=== Task to carry out ===
Each entry below is to be reproduced exactly, though any pictures it holds must be omitted.

=== Data extracts ===
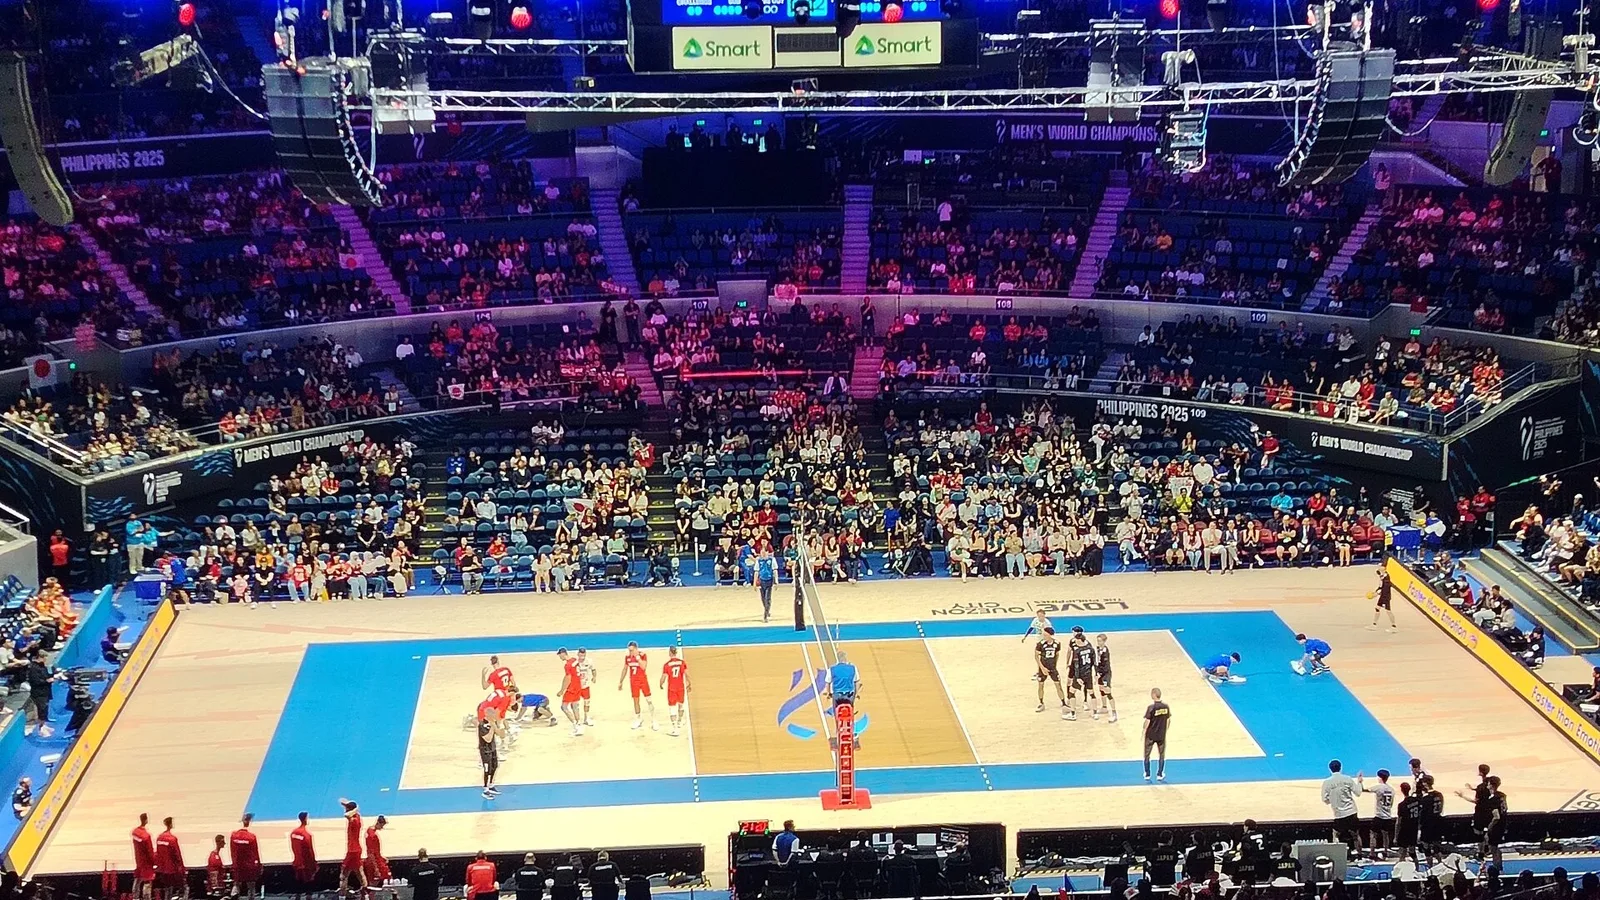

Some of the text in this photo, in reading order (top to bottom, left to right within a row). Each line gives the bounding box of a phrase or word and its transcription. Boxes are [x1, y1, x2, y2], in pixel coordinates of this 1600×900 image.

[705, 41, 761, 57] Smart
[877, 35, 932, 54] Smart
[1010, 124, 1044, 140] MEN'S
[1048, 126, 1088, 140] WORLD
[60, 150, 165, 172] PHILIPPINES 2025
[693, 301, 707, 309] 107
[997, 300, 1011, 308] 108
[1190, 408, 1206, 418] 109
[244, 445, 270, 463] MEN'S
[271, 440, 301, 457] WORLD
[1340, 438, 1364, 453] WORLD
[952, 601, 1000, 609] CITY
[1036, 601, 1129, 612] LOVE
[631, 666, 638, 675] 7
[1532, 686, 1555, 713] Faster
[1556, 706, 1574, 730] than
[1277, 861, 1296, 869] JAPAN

=== Output of the exercise ===
Some of the text in this photo, in reading order (top to bottom, left to right within a row). Each line gives the bounding box of a phrase or word and its transcription. Boxes are [x1, y1, x2, y2], in pixel coordinates of this 1600×900 image.

[705, 41, 761, 57] Smart
[877, 35, 932, 54] Smart
[1010, 124, 1044, 140] MEN'S
[1048, 126, 1088, 140] WORLD
[60, 150, 165, 172] PHILIPPINES 2025
[693, 301, 707, 309] 107
[997, 300, 1011, 308] 108
[1190, 408, 1206, 418] 109
[244, 445, 270, 463] MEN'S
[271, 440, 301, 457] WORLD
[1340, 438, 1364, 453] WORLD
[952, 601, 1000, 609] CITY
[1036, 601, 1129, 612] LOVE
[631, 666, 638, 675] 7
[1532, 686, 1555, 713] Faster
[1556, 706, 1574, 730] than
[1277, 861, 1296, 869] JAPAN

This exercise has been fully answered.